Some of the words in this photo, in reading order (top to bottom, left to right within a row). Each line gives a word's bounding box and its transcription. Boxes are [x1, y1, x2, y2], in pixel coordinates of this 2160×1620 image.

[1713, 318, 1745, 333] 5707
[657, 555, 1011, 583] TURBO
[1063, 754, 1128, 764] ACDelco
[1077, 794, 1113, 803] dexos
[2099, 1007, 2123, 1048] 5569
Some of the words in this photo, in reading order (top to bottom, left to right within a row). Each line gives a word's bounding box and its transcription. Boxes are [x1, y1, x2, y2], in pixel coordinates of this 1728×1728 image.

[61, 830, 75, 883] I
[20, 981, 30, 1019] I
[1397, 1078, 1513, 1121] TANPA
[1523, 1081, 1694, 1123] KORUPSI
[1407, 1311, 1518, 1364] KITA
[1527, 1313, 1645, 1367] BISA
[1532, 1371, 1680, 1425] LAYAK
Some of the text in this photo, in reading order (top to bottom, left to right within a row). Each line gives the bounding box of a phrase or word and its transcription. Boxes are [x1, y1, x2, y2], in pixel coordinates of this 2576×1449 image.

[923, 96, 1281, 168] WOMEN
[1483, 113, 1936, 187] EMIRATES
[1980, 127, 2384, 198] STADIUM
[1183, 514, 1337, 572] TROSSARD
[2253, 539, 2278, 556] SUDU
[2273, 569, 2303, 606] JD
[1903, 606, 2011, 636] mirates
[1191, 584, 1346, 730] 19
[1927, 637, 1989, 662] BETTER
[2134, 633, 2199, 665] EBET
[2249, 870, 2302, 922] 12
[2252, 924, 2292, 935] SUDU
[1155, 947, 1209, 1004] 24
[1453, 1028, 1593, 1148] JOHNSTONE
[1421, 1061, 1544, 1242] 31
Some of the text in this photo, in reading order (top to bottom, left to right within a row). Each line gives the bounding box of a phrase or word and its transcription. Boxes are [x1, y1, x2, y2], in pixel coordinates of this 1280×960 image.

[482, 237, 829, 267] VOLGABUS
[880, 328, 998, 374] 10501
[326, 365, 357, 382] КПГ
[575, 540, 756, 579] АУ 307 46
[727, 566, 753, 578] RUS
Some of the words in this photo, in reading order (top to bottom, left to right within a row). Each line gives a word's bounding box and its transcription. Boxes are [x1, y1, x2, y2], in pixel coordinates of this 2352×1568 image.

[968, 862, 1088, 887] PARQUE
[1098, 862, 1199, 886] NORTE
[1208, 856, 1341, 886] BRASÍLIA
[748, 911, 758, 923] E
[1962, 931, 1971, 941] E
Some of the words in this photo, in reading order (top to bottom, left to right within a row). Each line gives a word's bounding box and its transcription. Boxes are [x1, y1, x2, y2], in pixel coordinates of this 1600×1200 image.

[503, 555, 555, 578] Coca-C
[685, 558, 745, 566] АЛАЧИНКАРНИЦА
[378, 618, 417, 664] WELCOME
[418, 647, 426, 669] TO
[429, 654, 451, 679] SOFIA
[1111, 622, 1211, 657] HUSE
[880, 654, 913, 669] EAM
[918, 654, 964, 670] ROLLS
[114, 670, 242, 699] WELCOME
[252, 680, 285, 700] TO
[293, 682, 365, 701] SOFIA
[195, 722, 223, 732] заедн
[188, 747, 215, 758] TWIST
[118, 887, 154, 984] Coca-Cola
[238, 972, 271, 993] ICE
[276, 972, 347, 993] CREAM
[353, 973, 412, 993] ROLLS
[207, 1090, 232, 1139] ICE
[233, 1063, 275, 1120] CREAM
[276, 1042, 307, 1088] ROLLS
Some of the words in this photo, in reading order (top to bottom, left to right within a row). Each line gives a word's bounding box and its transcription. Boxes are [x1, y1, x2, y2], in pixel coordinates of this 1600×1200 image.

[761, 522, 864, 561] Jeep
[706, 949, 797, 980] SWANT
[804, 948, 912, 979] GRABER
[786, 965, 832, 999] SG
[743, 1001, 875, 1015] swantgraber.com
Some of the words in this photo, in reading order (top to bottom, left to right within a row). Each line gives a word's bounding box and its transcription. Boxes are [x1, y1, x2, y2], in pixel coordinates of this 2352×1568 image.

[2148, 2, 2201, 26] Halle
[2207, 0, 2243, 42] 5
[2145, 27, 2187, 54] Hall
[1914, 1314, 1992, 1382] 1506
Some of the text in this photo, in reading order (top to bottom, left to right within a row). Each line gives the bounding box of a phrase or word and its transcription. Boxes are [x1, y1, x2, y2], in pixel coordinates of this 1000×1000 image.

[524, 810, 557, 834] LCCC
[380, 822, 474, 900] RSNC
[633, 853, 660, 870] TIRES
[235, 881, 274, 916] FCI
* * * * * * * * *
- Brief -
The records above need to be transcribed in full. Keep every character unchanged.

- Output for this task -
Some of the words in this photo, in reading order (top to bottom, left to right within a row). Each line gives a word's bounding box and its transcription. Boxes are [x1, y1, x2, y2], in pixel coordinates of this 2160×1620 image.

[1713, 318, 1745, 333] 5707
[657, 555, 1011, 583] TURBO
[1063, 754, 1128, 764] ACDelco
[1077, 794, 1113, 803] dexos
[2099, 1007, 2123, 1048] 5569
Some of the words in this photo, in reading order (top to bottom, left to right within a row). Each line gives a word's bounding box and its transcription. Boxes are [x1, y1, x2, y2], in pixel coordinates of this 1728×1728 image.

[61, 830, 75, 883] I
[20, 981, 30, 1019] I
[1397, 1078, 1513, 1121] TANPA
[1523, 1081, 1694, 1123] KORUPSI
[1407, 1311, 1518, 1364] KITA
[1527, 1313, 1645, 1367] BISA
[1532, 1371, 1680, 1425] LAYAK
Some of the text in this photo, in reading order (top to bottom, left to right within a row). Each line gives the bounding box of a phrase or word and its transcription. Boxes are [x1, y1, x2, y2], in pixel coordinates of this 2576×1449 image.

[923, 96, 1281, 168] WOMEN
[1483, 113, 1936, 187] EMIRATES
[1980, 127, 2384, 198] STADIUM
[1183, 514, 1337, 572] TROSSARD
[2253, 539, 2278, 556] SUDU
[2273, 569, 2303, 606] JD
[1903, 606, 2011, 636] mirates
[1191, 584, 1346, 730] 19
[1927, 637, 1989, 662] BETTER
[2134, 633, 2199, 665] EBET
[2249, 870, 2302, 922] 12
[2252, 924, 2292, 935] SUDU
[1155, 947, 1209, 1004] 24
[1453, 1028, 1593, 1148] JOHNSTONE
[1421, 1061, 1544, 1242] 31
Some of the text in this photo, in reading order (top to bottom, left to right within a row). Each line gives the bounding box of a phrase or word and its transcription. Boxes are [x1, y1, x2, y2], in pixel coordinates of this 1280×960 image.

[482, 237, 829, 267] VOLGABUS
[880, 328, 998, 374] 10501
[326, 365, 357, 382] КПГ
[575, 540, 756, 579] АУ 307 46
[727, 566, 753, 578] RUS
Some of the words in this photo, in reading order (top to bottom, left to right within a row). Each line gives a word's bounding box and its transcription. Boxes are [x1, y1, x2, y2], in pixel coordinates of this 2352×1568 image.

[968, 862, 1088, 887] PARQUE
[1098, 862, 1199, 886] NORTE
[1208, 856, 1341, 886] BRASÍLIA
[748, 911, 758, 923] E
[1962, 931, 1971, 941] E
Some of the words in this photo, in reading order (top to bottom, left to right within a row). Each line gives a word's bounding box and its transcription. Boxes are [x1, y1, x2, y2], in pixel coordinates of this 1600×1200 image.

[503, 555, 555, 578] Coca-C
[685, 558, 745, 566] АЛАЧИНКАРНИЦА
[378, 618, 417, 664] WELCOME
[418, 647, 426, 669] TO
[429, 654, 451, 679] SOFIA
[1111, 622, 1211, 657] HUSE
[880, 654, 913, 669] EAM
[918, 654, 964, 670] ROLLS
[114, 670, 242, 699] WELCOME
[252, 680, 285, 700] TO
[293, 682, 365, 701] SOFIA
[195, 722, 223, 732] заедн
[188, 747, 215, 758] TWIST
[118, 887, 154, 984] Coca-Cola
[238, 972, 271, 993] ICE
[276, 972, 347, 993] CREAM
[353, 973, 412, 993] ROLLS
[207, 1090, 232, 1139] ICE
[233, 1063, 275, 1120] CREAM
[276, 1042, 307, 1088] ROLLS
Some of the words in this photo, in reading order (top to bottom, left to right within a row). Each line gives a word's bounding box and its transcription. Boxes are [x1, y1, x2, y2], in pixel coordinates of this 1600×1200 image.

[761, 522, 864, 561] Jeep
[706, 949, 797, 980] SWANT
[804, 948, 912, 979] GRABER
[786, 965, 832, 999] SG
[743, 1001, 875, 1015] swantgraber.com
Some of the words in this photo, in reading order (top to bottom, left to right within a row). Each line gives a word's bounding box and its transcription. Boxes are [x1, y1, x2, y2], in pixel coordinates of this 2352×1568 image.

[2148, 2, 2201, 26] Halle
[2207, 0, 2243, 42] 5
[2145, 27, 2187, 54] Hall
[1914, 1314, 1992, 1382] 1506
Some of the text in this photo, in reading order (top to bottom, left to right within a row). Each line gives the bounding box of a phrase or word and its transcription. Boxes are [x1, y1, x2, y2], in pixel coordinates of this 1000×1000 image.

[524, 810, 557, 834] LCCC
[380, 822, 474, 900] RSNC
[633, 853, 660, 870] TIRES
[235, 881, 274, 916] FCI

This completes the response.